We previously demonstrated that PLCε is a critical mediator of endothelin-1 (ET-1)- and norepinephrine (NE)-dependent hypertrophy in neonatal rat ventricular myocytes (NRVMs). Both α-adrenergic and ET-1 receptors couple to Gq as well as other G proteins. To determine if PLCε is required for Gαq-dependent hypertrophy NRVMs were infected with adenoviruses expressing wtGαq and PLCε siRNA followed by measurement of hypertrophy. PLCε-siRNA significantly inhibited Gαq-induced increases in myocyte area and atrial natriuretic factor (ANF) mRNA expression. Similarly, disruption of PLCε association with perinuclear mAKAP inhibited Gαq-dependent hypertrophy. These data suggest that ET-1 and PE signal, at least in part, through Gαq and PLCε. To explore the functional role of PLCε in ET-1/Gq dependent hypertrophy, activation of protein kinase D (PKD) in NRVMs was assessed in response to ET-1. PLCε-siRNA significantly inhibited ET-1 induced PKD activation (∼50% inhibition).

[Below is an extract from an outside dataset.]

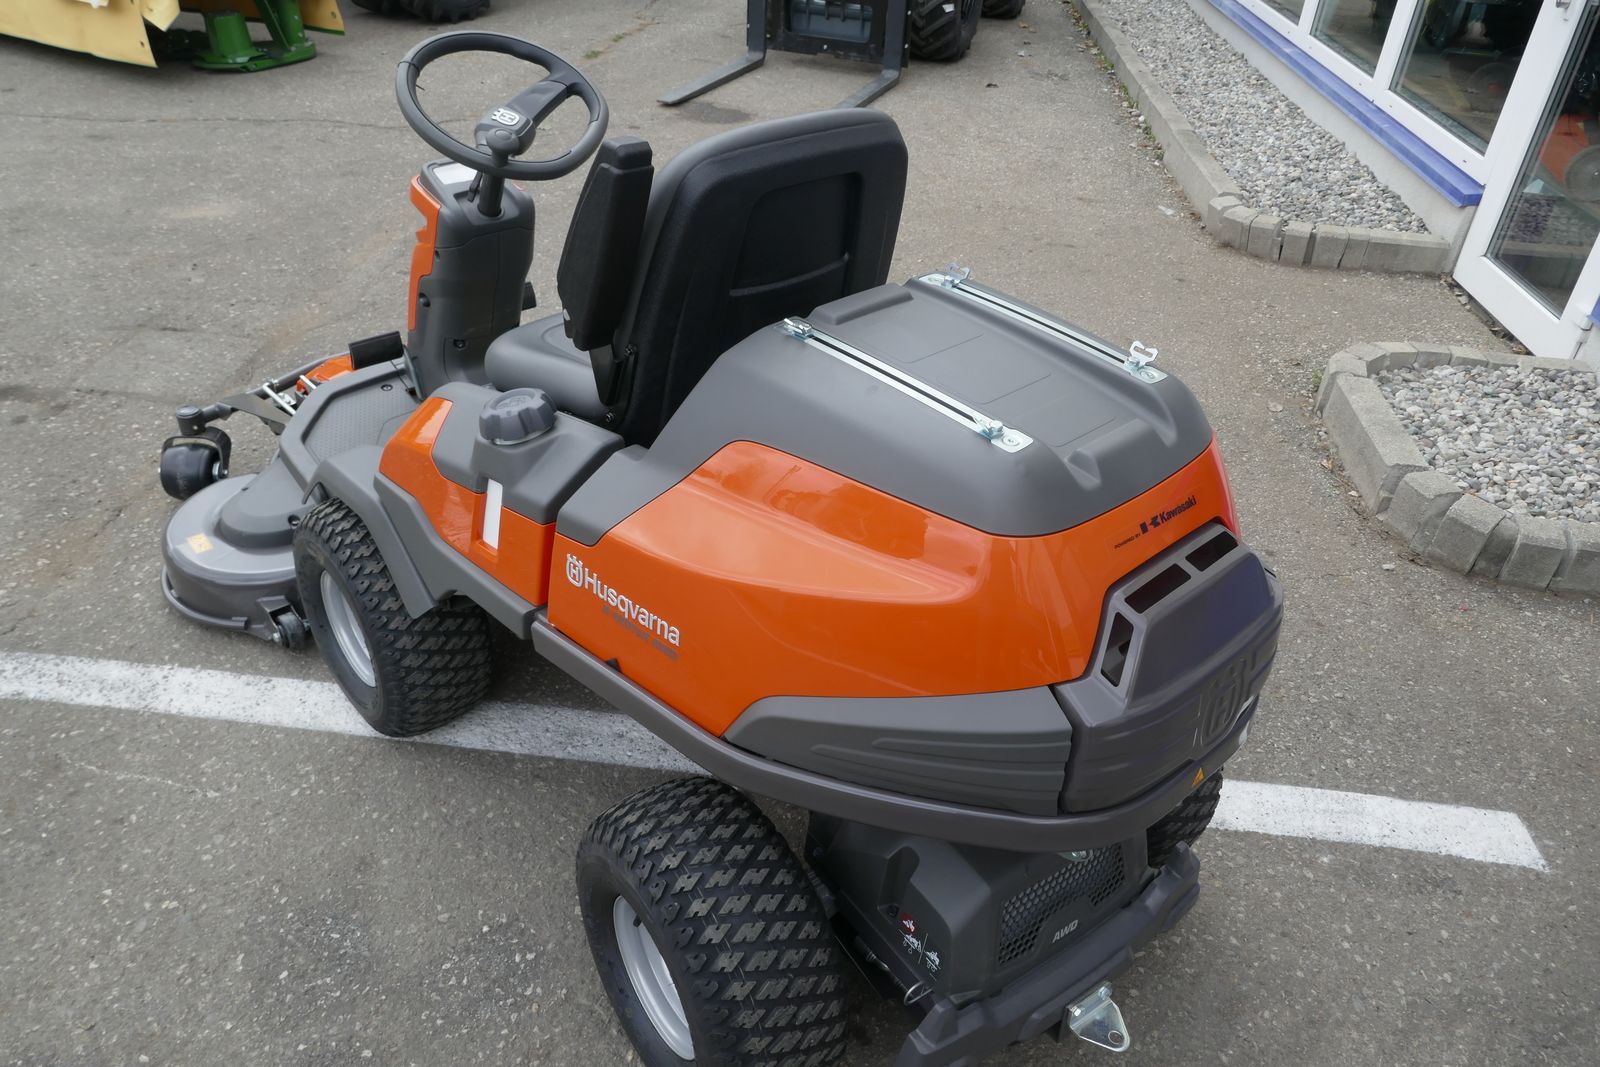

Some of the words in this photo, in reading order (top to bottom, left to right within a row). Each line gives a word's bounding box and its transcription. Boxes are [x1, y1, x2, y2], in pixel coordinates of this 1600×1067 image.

[1159, 495, 1197, 524] Kawasaki
[584, 568, 681, 647] Husqvarna
[1052, 919, 1079, 943] AWD

Disruption of PLCε-mAKAP interactions also significantly inhibited ET-1 induced PKD activation (∼50% inhibition). We propose that PLCε scaffolded to mAKAP at the nuclear envelope responds to Gαq-dependent, as well as other hypertrophic signals, to locally regulate PKD in a process that is critical for hypertrophy development.